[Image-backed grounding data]
▬▬▬
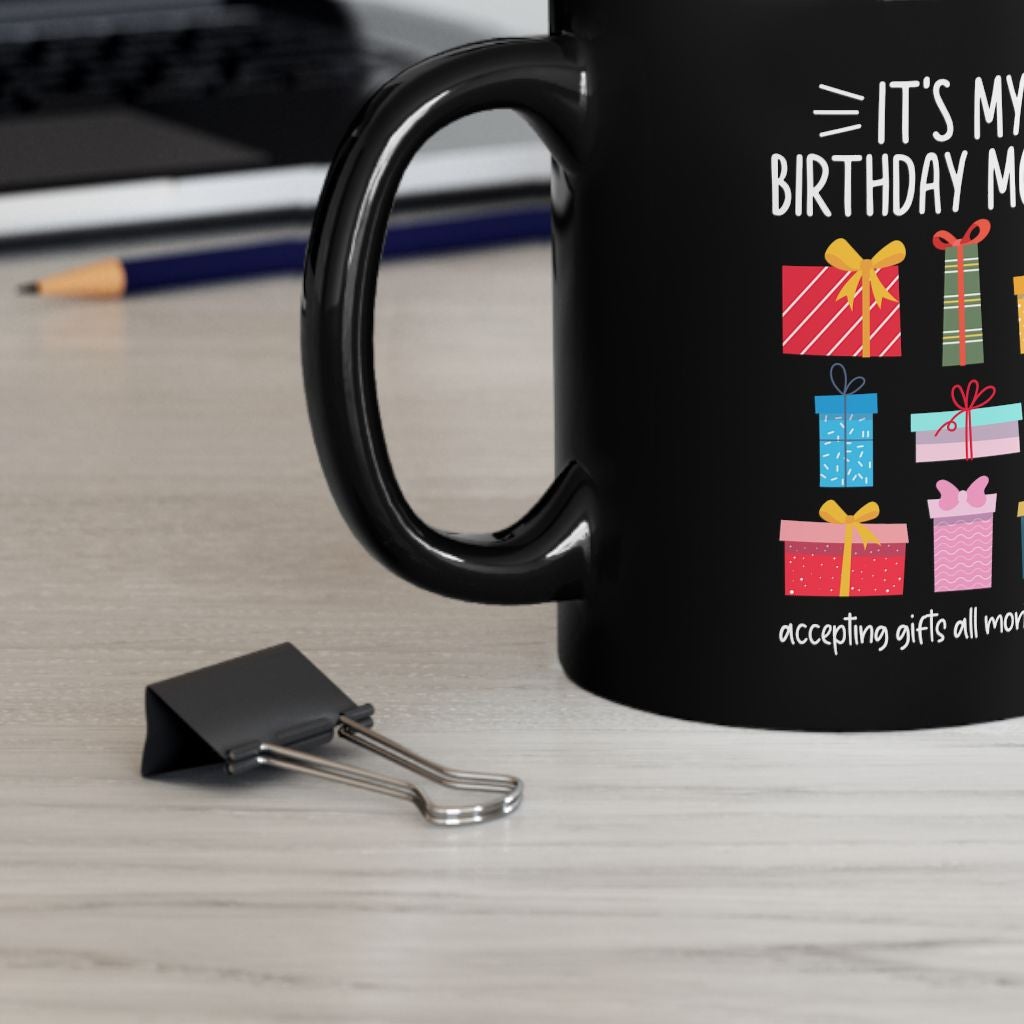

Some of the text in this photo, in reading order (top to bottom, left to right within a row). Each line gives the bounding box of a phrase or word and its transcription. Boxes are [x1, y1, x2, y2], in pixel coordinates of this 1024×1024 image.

[877, 75, 955, 145] IT'S
[770, 149, 969, 218] BIRTHDAY
[778, 611, 889, 656] accepting
[895, 608, 947, 651] gifts
[953, 606, 979, 640] all
▬▬▬
▶ [What you need to do]: Set every record down again verbatim, without pictures.

▶ [Response below]:
Some of the text in this photo, in reading order (top to bottom, left to right within a row). Each line gives the bounding box of a phrase or word and its transcription. Boxes are [x1, y1, x2, y2], in pixel coordinates of this 1024×1024 image.

[877, 75, 955, 145] IT'S
[770, 149, 969, 218] BIRTHDAY
[778, 611, 889, 656] accepting
[895, 608, 947, 651] gifts
[953, 606, 979, 640] all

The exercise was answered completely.